May 13, 2019

And the ultimate prize for hacking goes to: Fxmsp, the international cyber-criminal ‘collective’ that apparently got past the network defences of three major anti-virus companies in March – stole their pre-release software and then brazenly put it up for auction online.

As revealed last week, security researchers at Advanced Intelligence (AdvIntel) say Fxmsp infiltrated the US firms and took source code for new anti-virus and other software products. The group is trying to sell the data for $300,000 USD.

By its own account, the hacking collective worked tirelessly for the first quarter of 2019 to pierce these companies defences and finally succeeded in March, extracting sensitive source code from antivirus software, AI, and security plugins. Fxmsp also commented on the capabilities of each company’s software – and even made assessments about their effectiveness.

Hugely embarrassing for any anti-virus firm, which perhaps explains why no one has come forward yet to confirm or deny they’ve been hacked  — though if the claim is true, they will need time to assess the extent of the damage.

And the damage could be considerable. The group claims to have hoarded 30 terabytes (TB) of stolen data, roughly equal to everything the Hubble Space Telescope will produce over three years, or a bit more than the volume of video uploaded to YouTube each day.

More than a pastime

Besides bragging rights, hacking a major security vendor’s source code could be hugely profitable. Other criminal groups and nation state actors would be keen to understand the underlying construction of leading AV software in order to better compromise it.

Having the source code of, say, a Symantec or Kaspersky could also enable future Supply Chain Attacks, where malware is sneaked into legitimate software programmes and applications via infected updates.

Because the software is created by a trusted vendor, its signed and certified safe. Malicious code embedded within can then run on company systems with all the necessary permissions needed to steal data or damage it.

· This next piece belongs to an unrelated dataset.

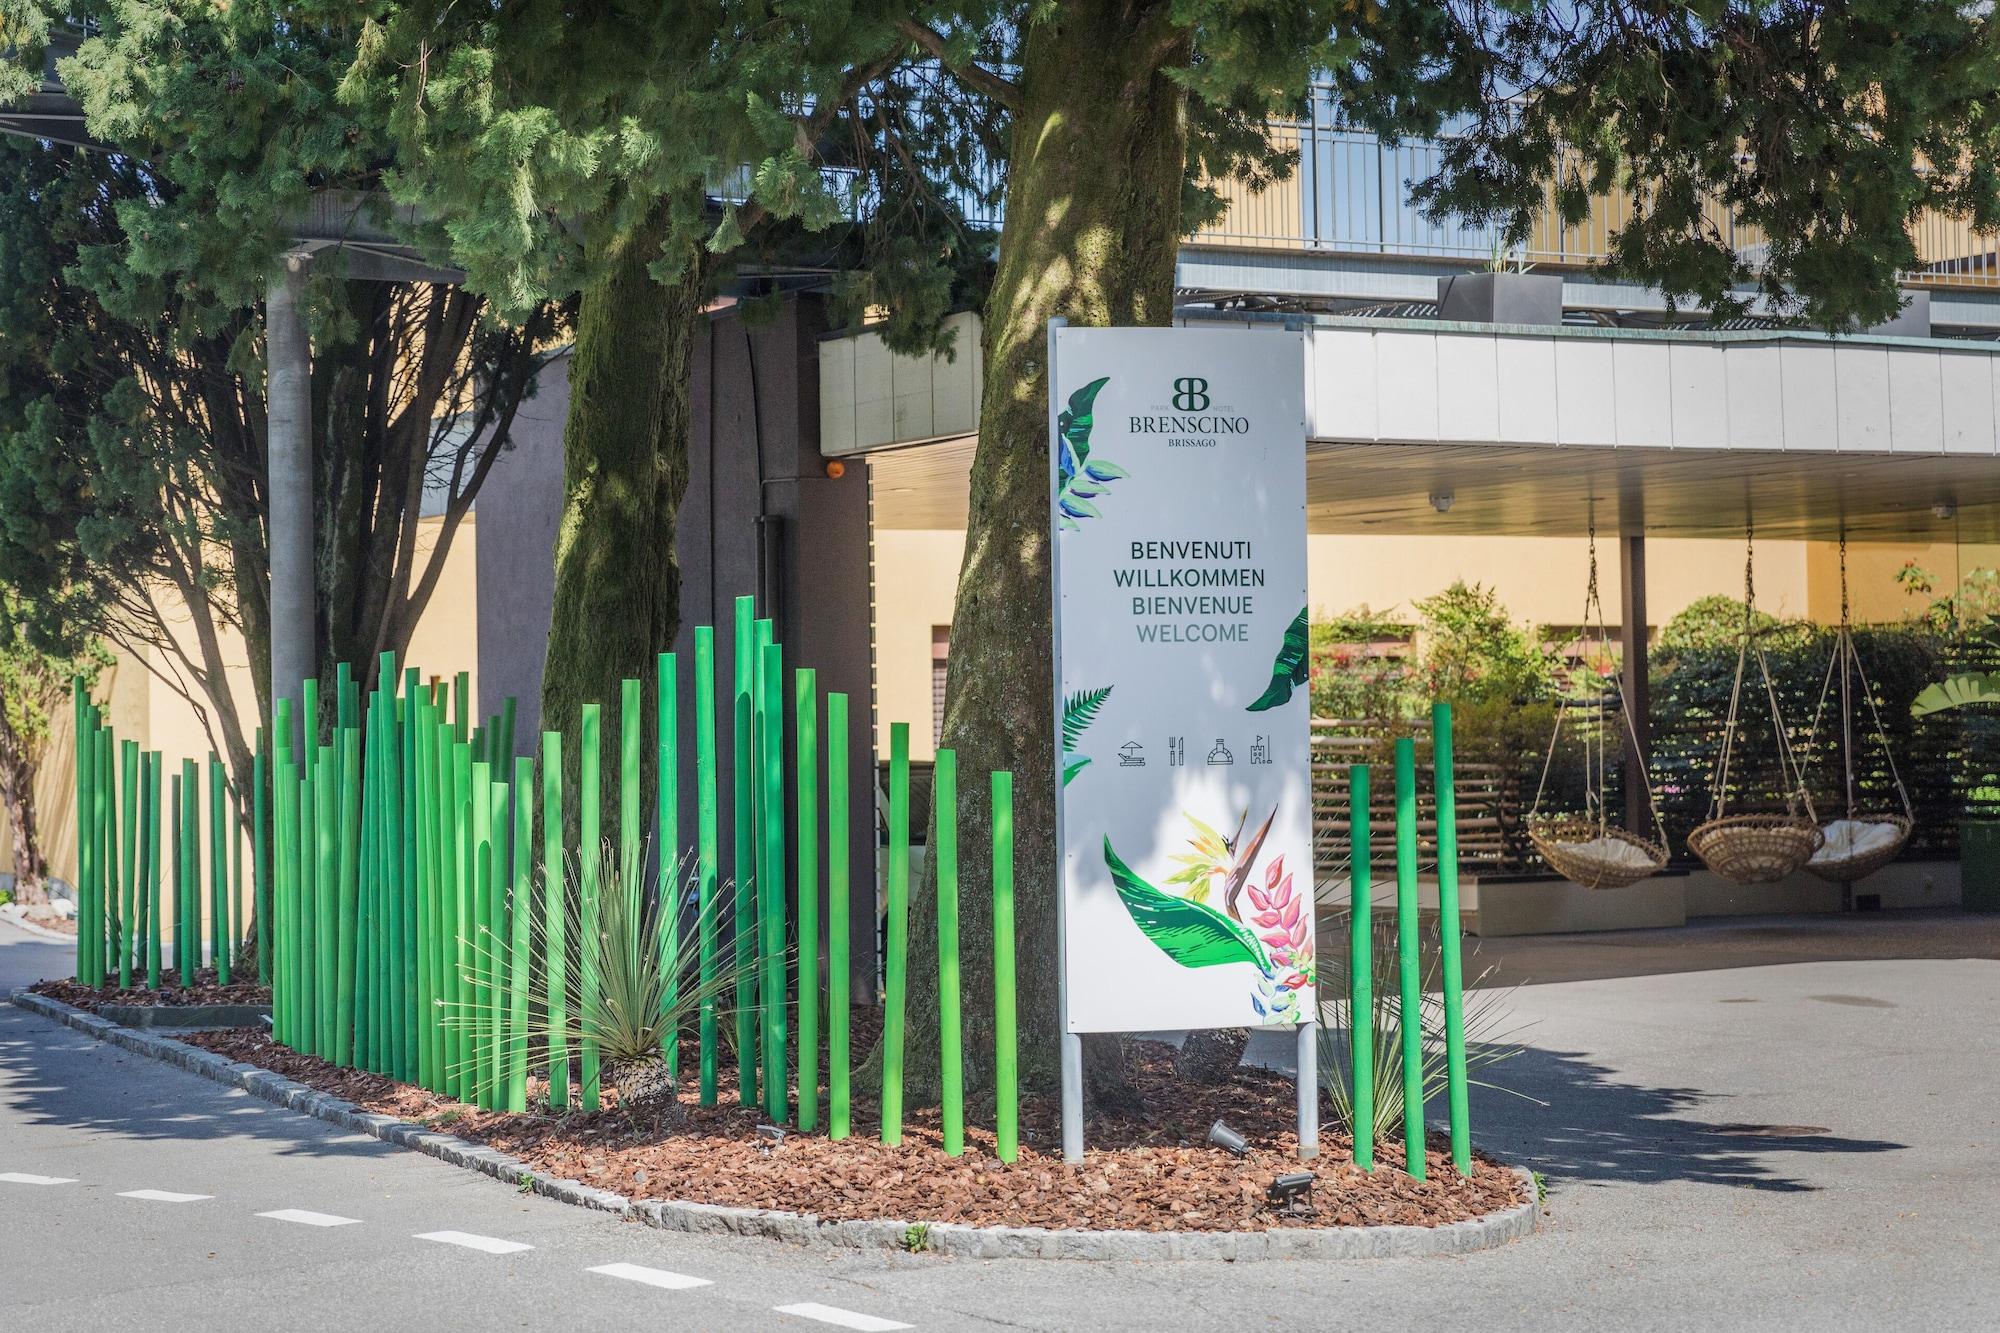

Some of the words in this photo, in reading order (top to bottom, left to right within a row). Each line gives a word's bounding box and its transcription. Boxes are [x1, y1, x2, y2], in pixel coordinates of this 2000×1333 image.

Having secured such a prize asset, Fxmsp has shown it has the commercial nous to profit from it.

The group operates its own IT distribution network of trusted proxy resellers who help it promote stolen products in online criminal marketplaces. It also claims to have developed a credential-stealing botnet capable of infecting high-profile targets and stealing their usernames and passwords.

AdvIntel says the group made more than $1 million USD last year selling its stolen wares.

That level of technical ingenuity and, if we can use the word, ‘professionalism’, confirms again that cyber criminality has evolved well beyond a rag-tag collection of hacking outfits or bedroom malcontents having a go. It’s arguably become a career choice or side-hustle – forming a parallel IT industry of its own.

If tech can’t save us, maybe people can

Against such a determined and well-organised foe, technology companies clearly don’t have much of an edge when it comes to protecting themselves.

Well-known brands like Amazon, Twitter, Equifax, Uber, and Dropbox have all been breached in the last few years. While Facebook – with billions available for cyber defence and due diligence – almost routinely loses data or shares it recklessly with third parties.

Earlier this month we reported on the breach at networking giant Citrix where hackers had camped out on the company’s network for months before being found out.

Penetrating the essential systems of major cyber security vendors and selling their source code is definitely an escalation, but perhaps it was only a matter of time.

From technical vulnerabilities to poor processes and human error, every organisation has invisible weaknesses that can make it vulnerable to breach. Investing in the latest cyber technologies and making sure they are up-to-date is necessary, but technology alone can’t offer a 100 per cent  guarantee.

The best security systems in the world are both susceptible to human error and improvable with human agency. A programme of security awareness training can strengthen them by switching your people on to the risk of data breaches, whether from a phishing email, botnet infection, or an outside caller with an unexpected information request.

With better training and education, staff can help spot the signs of a breach, and avoid enabling them through misadventure and error.